→ Given records:
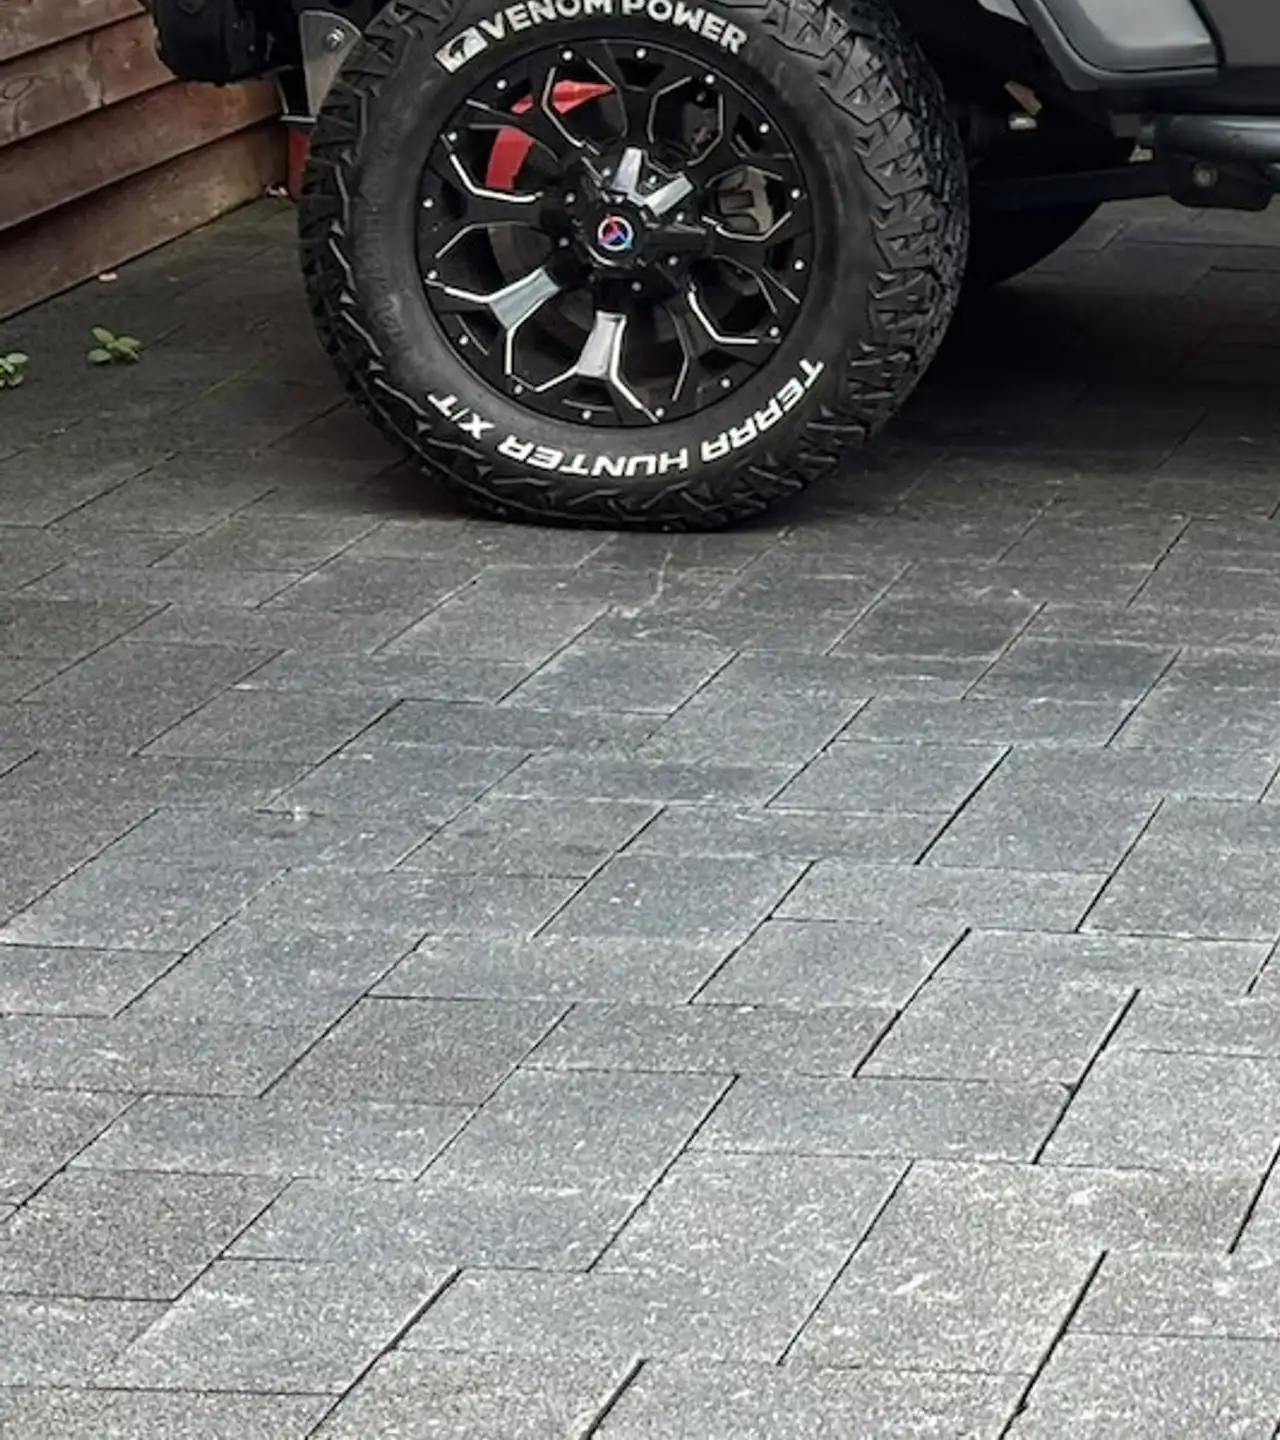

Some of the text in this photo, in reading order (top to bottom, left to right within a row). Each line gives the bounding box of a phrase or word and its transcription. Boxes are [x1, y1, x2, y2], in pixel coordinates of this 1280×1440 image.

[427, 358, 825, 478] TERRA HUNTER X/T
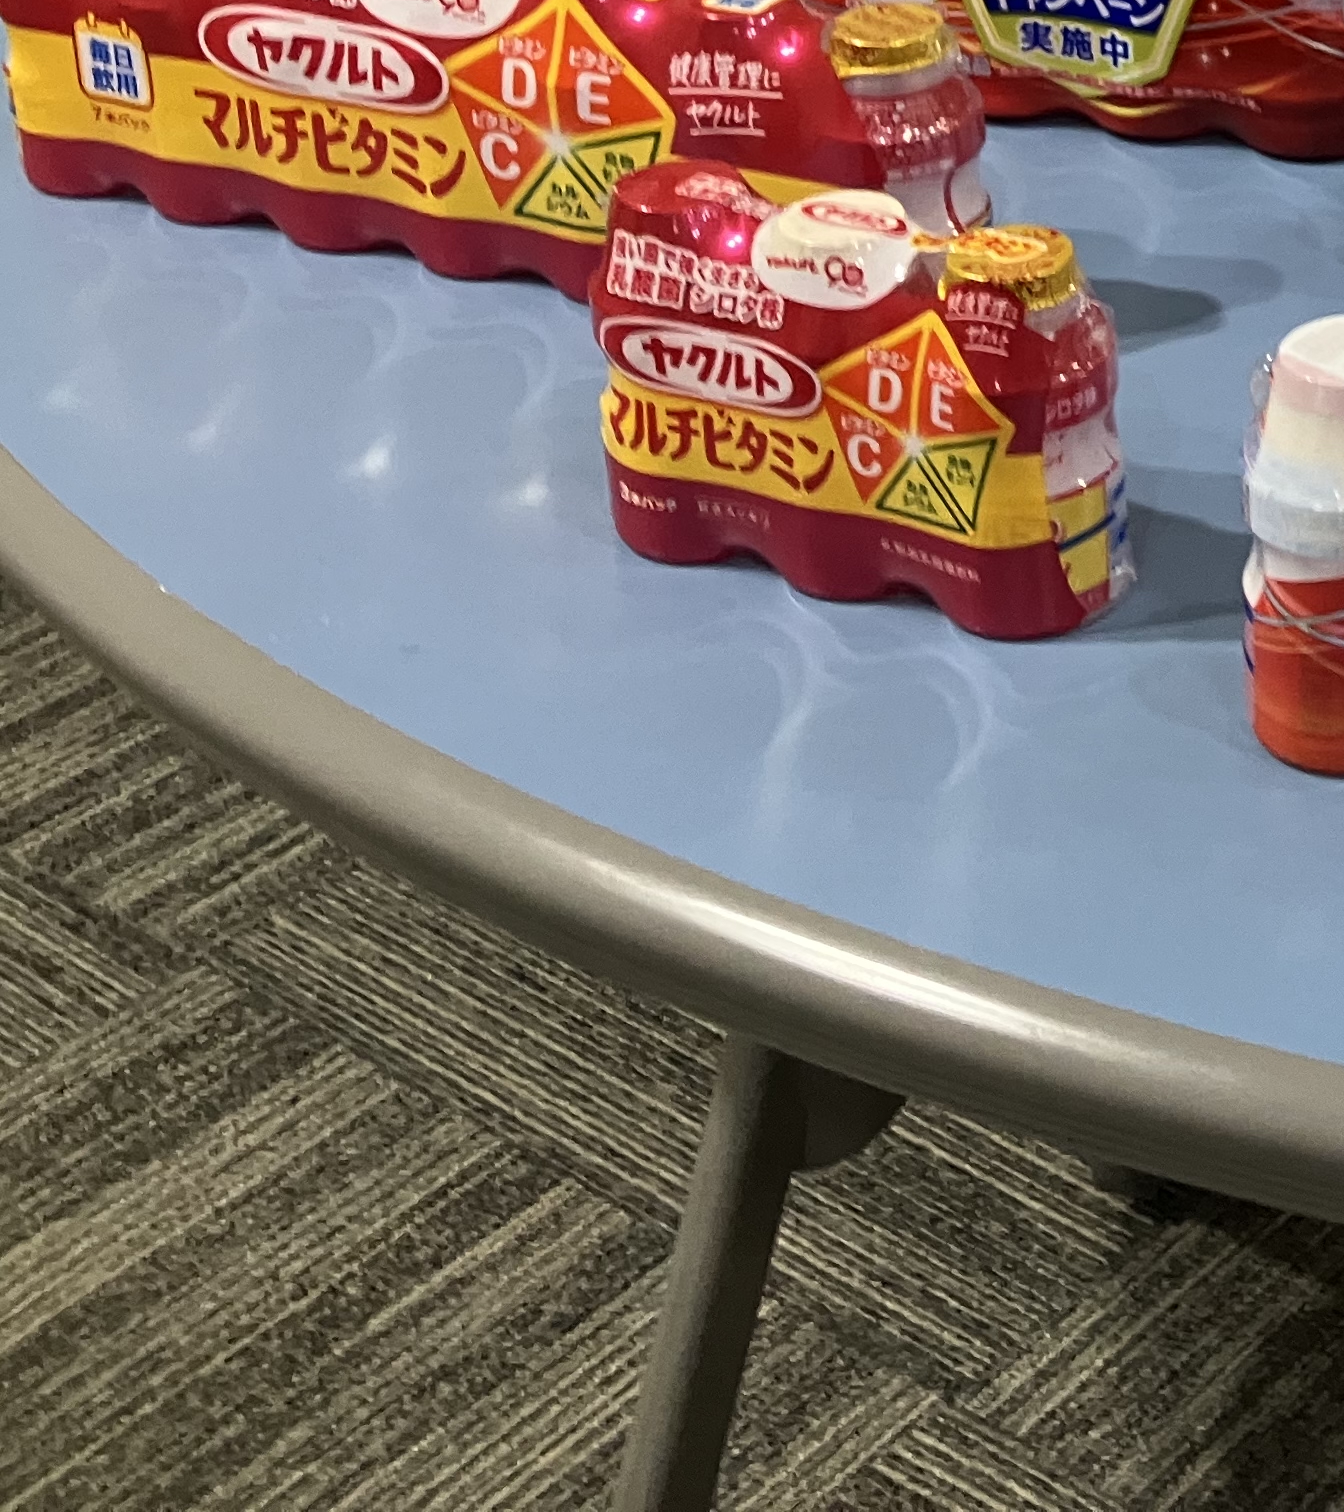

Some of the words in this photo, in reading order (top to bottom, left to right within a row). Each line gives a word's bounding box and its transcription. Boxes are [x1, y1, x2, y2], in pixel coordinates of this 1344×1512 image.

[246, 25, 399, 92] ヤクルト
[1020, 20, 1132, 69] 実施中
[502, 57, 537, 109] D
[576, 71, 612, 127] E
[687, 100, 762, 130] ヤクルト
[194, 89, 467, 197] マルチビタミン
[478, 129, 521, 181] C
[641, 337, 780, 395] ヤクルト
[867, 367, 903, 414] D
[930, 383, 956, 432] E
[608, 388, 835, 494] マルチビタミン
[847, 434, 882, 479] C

→ What needs to be done: Drop the images; restate the listing exactly.

→ Exercise result:
Some of the text in this photo, in reading order (top to bottom, left to right within a row). Each line gives the bounding box of a phrase or word and its transcription. Boxes are [x1, y1, x2, y2], in pixel coordinates of this 1280×1440 image.

[427, 358, 825, 478] TERRA HUNTER X/T

Some of the words in this photo, in reading order (top to bottom, left to right within a row). Each line gives a word's bounding box and its transcription. Boxes are [x1, y1, x2, y2], in pixel coordinates of this 1344×1512 image.

[246, 25, 399, 92] ヤクルト
[1020, 20, 1132, 69] 実施中
[502, 57, 537, 109] D
[576, 71, 612, 127] E
[687, 100, 762, 130] ヤクルト
[194, 89, 467, 197] マルチビタミン
[478, 129, 521, 181] C
[641, 337, 780, 395] ヤクルト
[867, 367, 903, 414] D
[930, 383, 956, 432] E
[608, 388, 835, 494] マルチビタミン
[847, 434, 882, 479] C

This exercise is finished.